1994 1999 2004 2009 2014
Wahlber. 80527 82155 81646 81098 80235
Wähler. 66256 40609 42919 41783 37880
Wahlbet. 82,28% (gleichzeitige Bundestagswahl!) 49,43% 52,52% 51,52% 47,20%

SPD:

Wahljahr 1994 1999 2004 2009 2014
Prozente 51,90% 40,87% 38,01% 33,20% 35,20%
Stimmen 33888 16230 16005 13609 13179

CDU:

Wahljahr 1994 1999 2004 2009 2014
Prozente 29,59% 35,39% 31,56% 27.54% 23,50%
Stimmen 19323 14053 13317 13317 8803

*Quelle: Aus Wahlberichterstattung der Stadt

Stimmen Porozente Sitze
SPD 9.052 25.16 % 16
CDU 8.349 23.21 % 15
GRÜNE 7.404 20.58 % 13
bürgerforum 2.182 6.07 % 4
DIE LINKE 1.441 4.01 % 3
WBG-FW 1.120 3.11 % 2
FDP 838 2.33 % 2
PIRATEN 1.536 4.27 % 3
AUF Witten 227 0.63 % 0
Witten.Direkt 535 1.49 % 1
AfD 1.681 4.67 % 3
BLW 87 0.24 % 0
Die PARTEI 739 2.05 % 1
ÖDP 139 0.39 % 0
StadtKlima Witten 631 1.75 % 1
Norman Kerner 13 0.0 0

**Das heißt, dass 53,24% der Wittener Bürger_innen nicht gewählt haben, also der Stadtrat nur noch eine Mindeheit der Bürger_innen repräsentiert.
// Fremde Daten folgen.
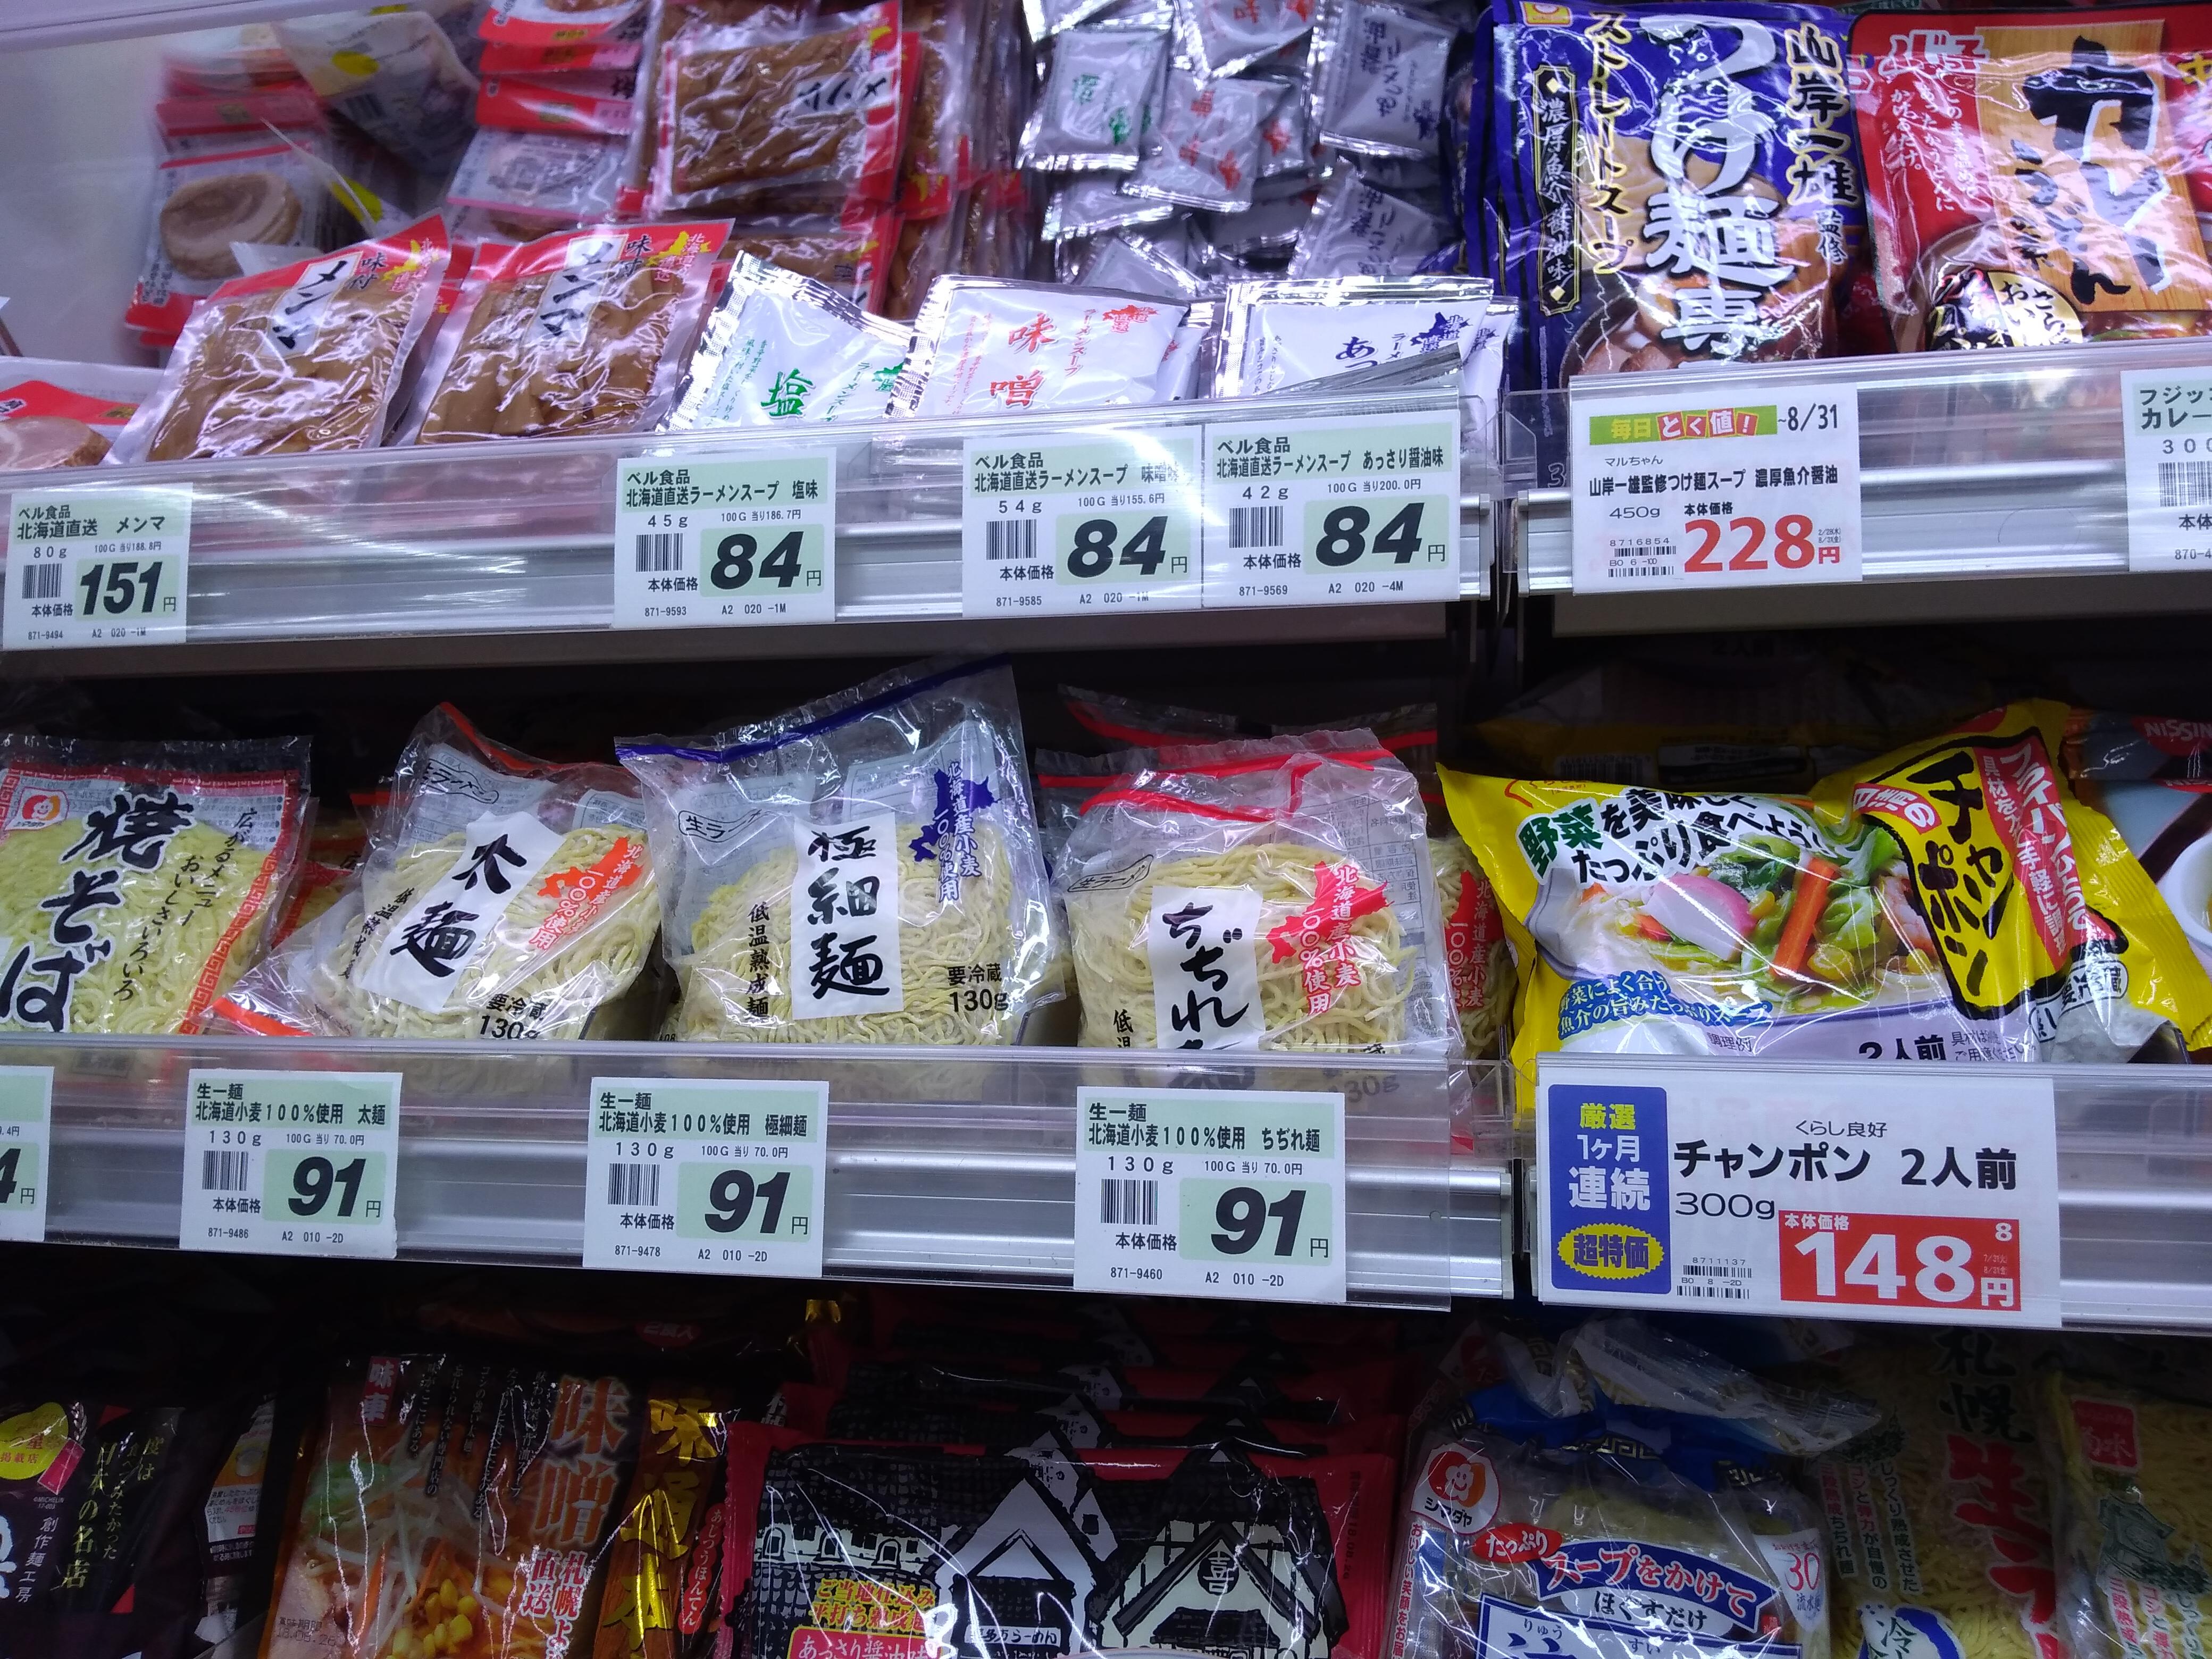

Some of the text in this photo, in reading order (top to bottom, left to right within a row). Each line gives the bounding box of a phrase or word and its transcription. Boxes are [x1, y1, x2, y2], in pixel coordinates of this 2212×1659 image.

[991, 313, 1056, 406] 味噌
[761, 369, 814, 417] 塩
[2140, 386, 2212, 405] フジッ
[1217, 437, 1290, 455] ベル食品
[975, 452, 1043, 470] ベル食品
[1217, 446, 1443, 479] 北海道直送ラーメンスープ あっさり醤油味
[1605, 455, 1663, 467] マルちゃん
[627, 469, 690, 485] ベル食品
[974, 464, 1128, 492] 北海道直送ラーメンスープ
[1589, 465, 1838, 497] 山岸一雄監修つけ麺スープ 濃厚魚介醤油
[626, 480, 818, 508] 北海道直送ラーメンスープ 塩味
[18, 505, 71, 520] ベル食品
[1609, 507, 1660, 519] 450g
[1685, 502, 1733, 516] 本体価格
[17, 516, 166, 540] 北海道直送 メンマ
[1610, 538, 1670, 547] 8716854
[1243, 553, 1301, 569] 本体価格
[1000, 565, 1054, 581] 本体価格
[648, 577, 698, 592] 本体価格
[1239, 585, 1288, 596] 871-9569
[31, 604, 73, 617] 本体価格
[645, 606, 686, 617] 871-9593
[722, 605, 733, 615] A2
[744, 604, 761, 614] 020
[996, 596, 1042, 607] 871-9585
[28, 630, 63, 640] 871-9494
[948, 762, 982, 876] 北海道産小麦
[181, 808, 257, 927] 広がるメニュー
[0, 795, 194, 1032] 焼そば
[389, 833, 527, 978] 太麺
[807, 825, 890, 1001] 極細麺
[113, 856, 204, 1001] おいしさいろいろ
[1326, 865, 1361, 988] 北海道産小麦
[747, 903, 770, 1018] 低温熟成麺
[948, 963, 1002, 984] 要冷蔵
[949, 989, 1008, 1012] 130g
[1707, 1032, 1753, 1052] 調理例
[197, 1083, 244, 1100] 生一麺
[600, 1092, 652, 1110] 生一麺
[357, 1104, 386, 1125] 太麺
[1088, 1102, 1146, 1121] 生一麺
[1579, 1103, 1636, 1130] 厳選
[765, 1114, 807, 1137] 極細麺
[1795, 1119, 1888, 1138] くらし良好
[1262, 1127, 1320, 1152] ちぢれ麺
[1674, 1141, 2017, 1190] チャンポン 2人前
[1568, 1166, 1650, 1212] 連続
[213, 1197, 261, 1213] 本体価格
[1675, 1192, 1775, 1220] 300g
[620, 1213, 675, 1230] 本体価格
[1784, 1214, 1849, 1231] 本体価格
[208, 1228, 248, 1238] 871-9486
[1116, 1232, 1177, 1251] 本体価格
[615, 1245, 660, 1257] 871-9478
[1572, 1234, 1649, 1268] 超特価
[1111, 1267, 1162, 1280] 871-9460
[1205, 1272, 1219, 1284] A2
[1233, 1273, 1254, 1286] 010
[532, 1375, 630, 1545] 味噌
[1423, 1496, 1473, 1529] シマダヤ
[1485, 1527, 1548, 1557] たっぷり
[15, 1516, 60, 1603] 創作麺工房
[683, 1508, 723, 1626] あじつうほんてん
[1545, 1545, 1758, 1617] スープをかけて
[1784, 1552, 1820, 1591] 30
[1523, 1618, 1564, 1639] りゅう
Nur zum Vergleich: Die Wahlbeteiligung lag 1994 noch bei 82,28% (allerdings bei gleichzeitiger Bundetagswahl) und lag noch 2004 und 2009 über 50%.

***Allerdings haben die Wittener Grünen immer noch nicht wieder ihr absolut bestes Stimmenergebnis von 1994 (8341 Stimmen) erreicht (siehe dazu mein Beitrag „Nichts ohn‘ Ursach – wie die Wittener seit 1994 ihre Selbstverwaltung gewählt haben„/14.4.13).